The Minister announced a comprehensive programme of targeted compliance interventions against those engaged in offshore tax evasion. This programme will be underpinned by applying advanced analytics techniques to the range of new data sources available through the international exchange of information initiatives and supported by new legislation designed to encourage early disclosures of liabilities in relation to offshore accounts or assets by:
i) Denying the opportunity to make a qualifying disclosure in this area after 1/5/2017 and
ii) Introducing a new strict liability offence for failure to return details of offshore accounts or other assets.

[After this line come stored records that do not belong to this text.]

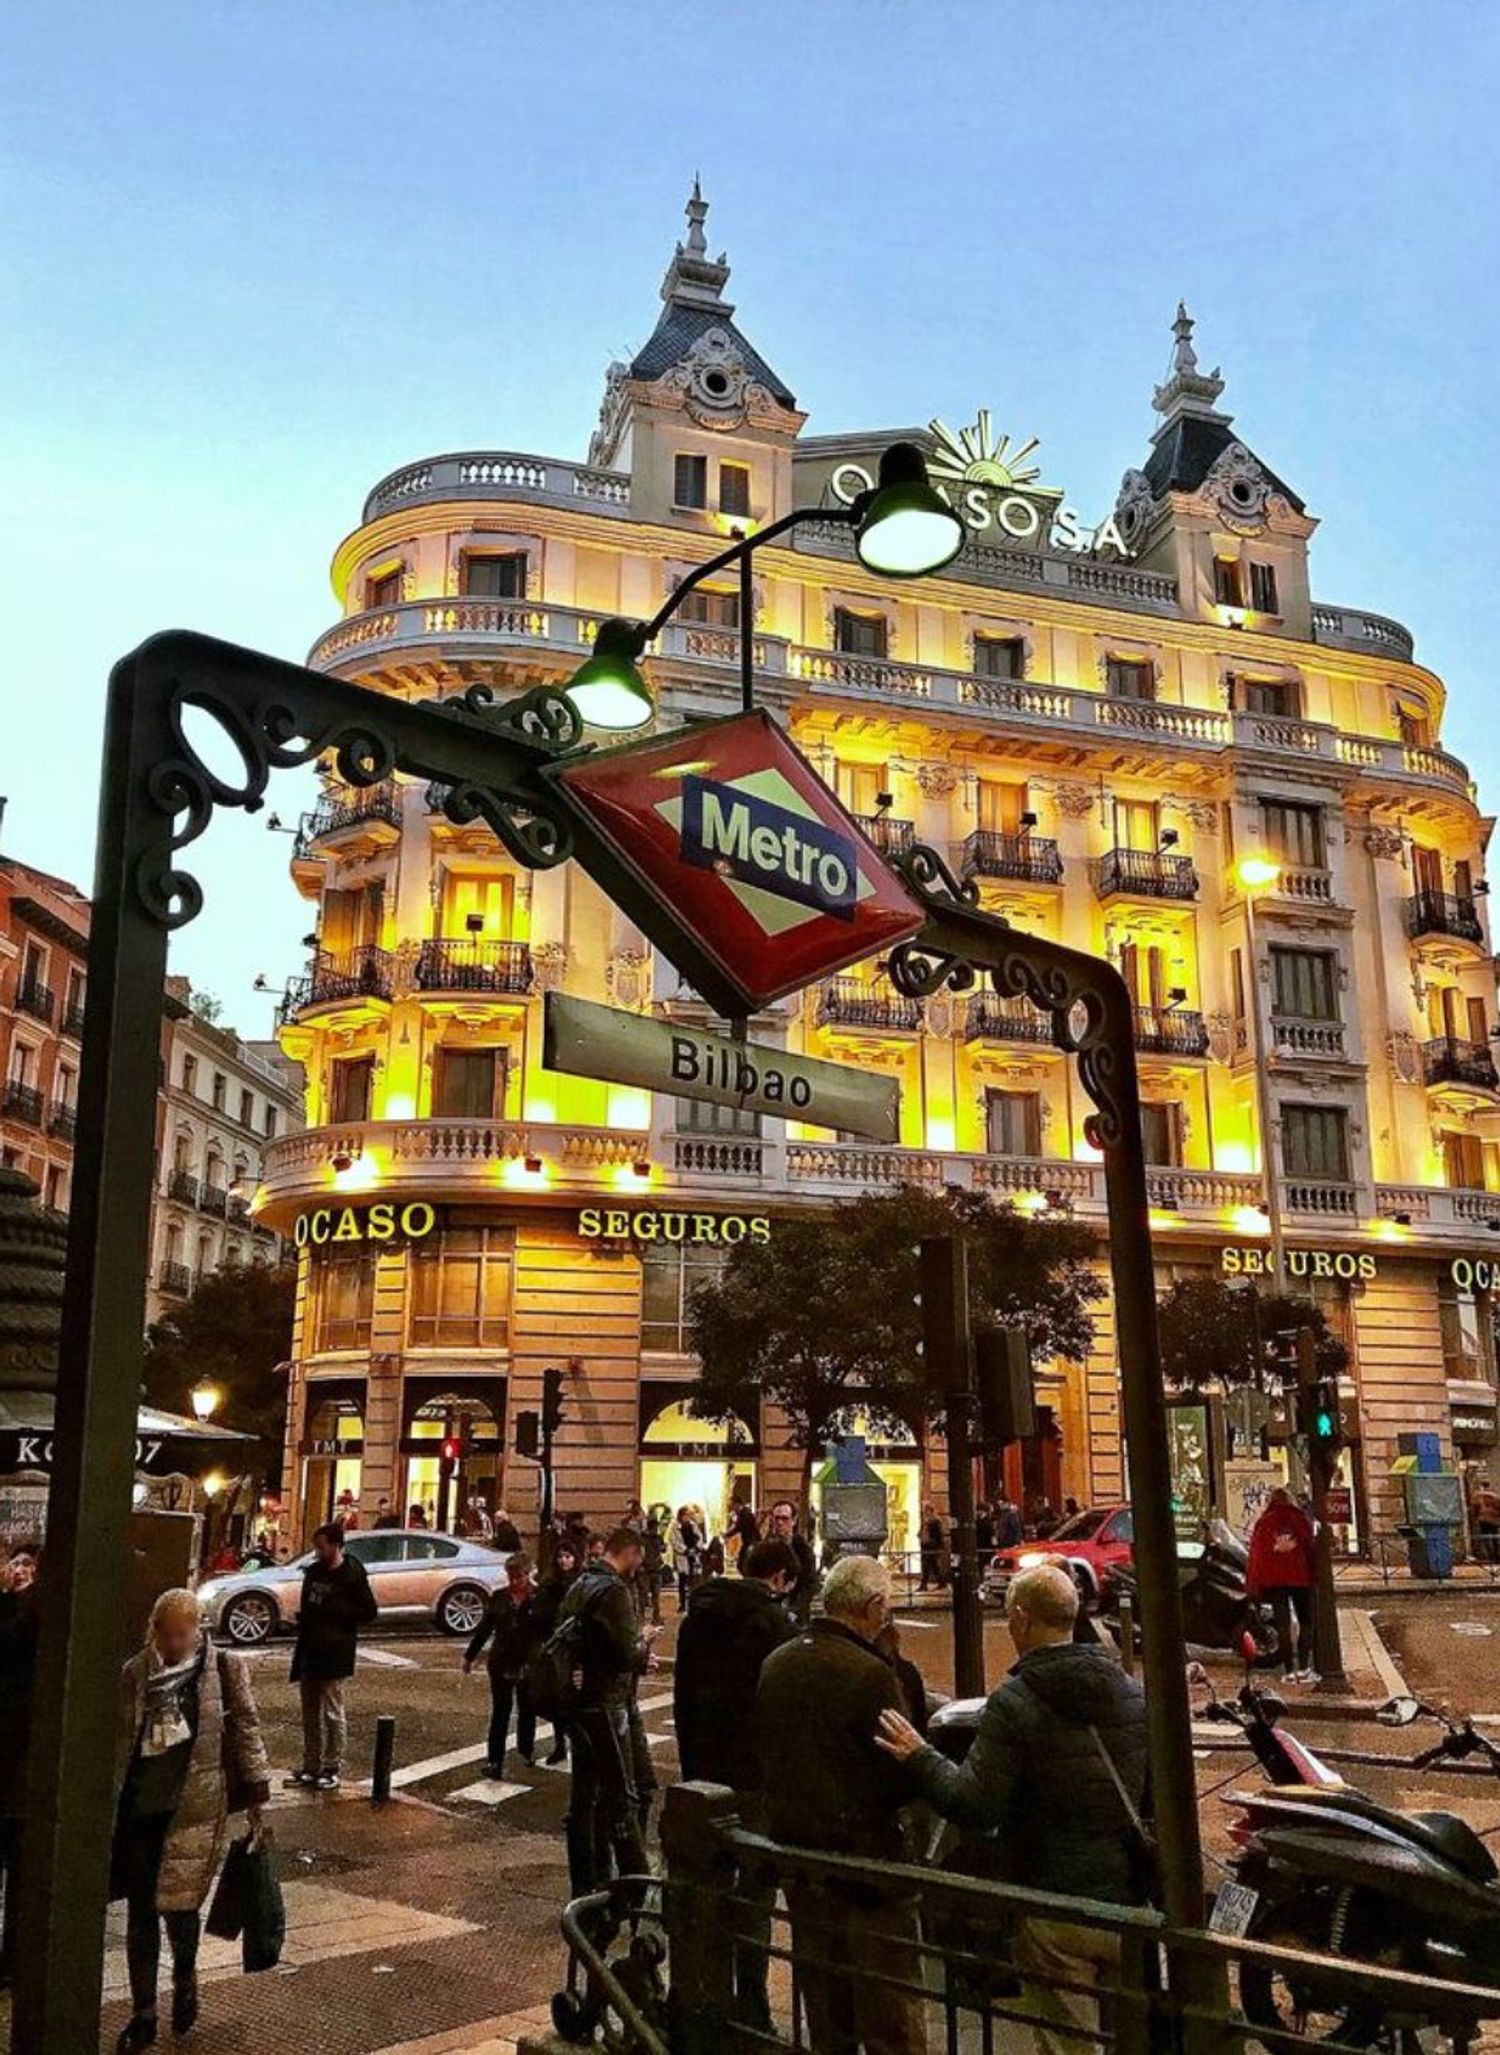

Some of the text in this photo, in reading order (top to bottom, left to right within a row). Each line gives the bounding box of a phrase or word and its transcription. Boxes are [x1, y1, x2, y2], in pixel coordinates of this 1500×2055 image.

[831, 463, 1038, 537] OSO
[701, 792, 847, 896] Metro
[671, 1037, 812, 1108] Bilbao
[295, 1203, 436, 1248] OCASO
[578, 1208, 772, 1244] SEGUROS

There remains a window of opportunity for those holding non disclosed offshore accounts or assets to regularise their tax affairs before 1 May 2017. After that, the rate of penalties will substantially increase as the tax payer will not be able to rely on the lower level of penalties that apply to voluntary disclosures.
The risk of publication on the tax defaulters list and of prosecution will significantly increase after 1 May 2017.

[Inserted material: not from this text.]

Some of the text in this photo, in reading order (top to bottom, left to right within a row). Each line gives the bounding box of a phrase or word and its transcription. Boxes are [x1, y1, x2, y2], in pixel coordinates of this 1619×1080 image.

Corporation Tax (“CT”) rates
Ireland has once again committed to maintaining its 12.5% corporation tax rate on trading income. Minister Noonan’s strong stance of support of this will continue to secure Ireland’s future as a leading destination for foreign Direct Investment.
Relief for Start-up Companies
This measure provides relief from corporation tax on trading income (and certain capital gains) of new start-up companies in the first 3 years of trading. This relief was extended to 2018.
Knowledge Development Box (“KDB”)
Following the introduction of the Knowledge Development Box (KDB) in budget 2016, in which the corporation tax rate for income qualifying for relief under the KDB was confirmed as 6.25%. The KDB encourages companies to develop intellectual properties, patents and copyrighted software in Ireland.
New legislation will shortly be brought forward to provide an additional benefit, within the parameters of the OECD ‘modified nexus approach’ for small companies that wish to avail of the KDB.
Revised Capital Gains Tax
In order to facilitate Irish Private Businesses, CGT will be reduced from 20% to 10% on disposals of qualifying assets, comprising the whole or a discrete part of a trade or business, up to a limit of €1million in chargeable gains.
PERSONAL INCOME TAX
Tax rates and bands
There were no changes to the Income Tax rates or bands.
Universal Social Charge
The Government’s intention is to phase out the USC over time as resources permit. A number of significant changes have been made to the rates, bands and thresholds for USC. The rate of USC for medical card holders and individuals aged 70 years and over whose aggregate net income is less than €60,000 will pay a maximum rate of 3%.
- Incomes of €13,000 or less are exempt. Otherwise,
- €0 to €12,012 @ 0.5%
- €12,013 to €18,772 @ 2.5%
- €18,773 to €70,044 @ 5%
- €70,045 to €100,000 @ 8%
- PAYE income in excess of €100,000 @ 8%
- Self-employed income in excess of €100,000 @ 11%
There were no changes to Employee PRSI rates or bands.
National living wage – Minimum wage
With effect from 1 January 2017 the minimum wage is increasing from €9.15 per hour to €9.25 per hour.
There were no changes to Employer PRSI rates.
Deposit Interest Retention Tax
The minister plans to reduce Dirt by 2% each year for the next four years. This will reduce Dirt from 41% this year to 33% in 2020.
Capital Acquisition Tax
The gift and inheritance tax free thresholds have been increased. Group A (Parent to Child) has increased from €280K to €310K, Group B (direct linear blood relatives) from €30,150 to €32,500 and Group C (others) from €15,075 to €16,250. The increases take effect from midnight of Budget day.
There has been no change to the rate of CAT, which remains at 33%.
Except for a change in the VAT rate for farmers from 5.2% to 5.4% there are no changes to any other existing VAT rates.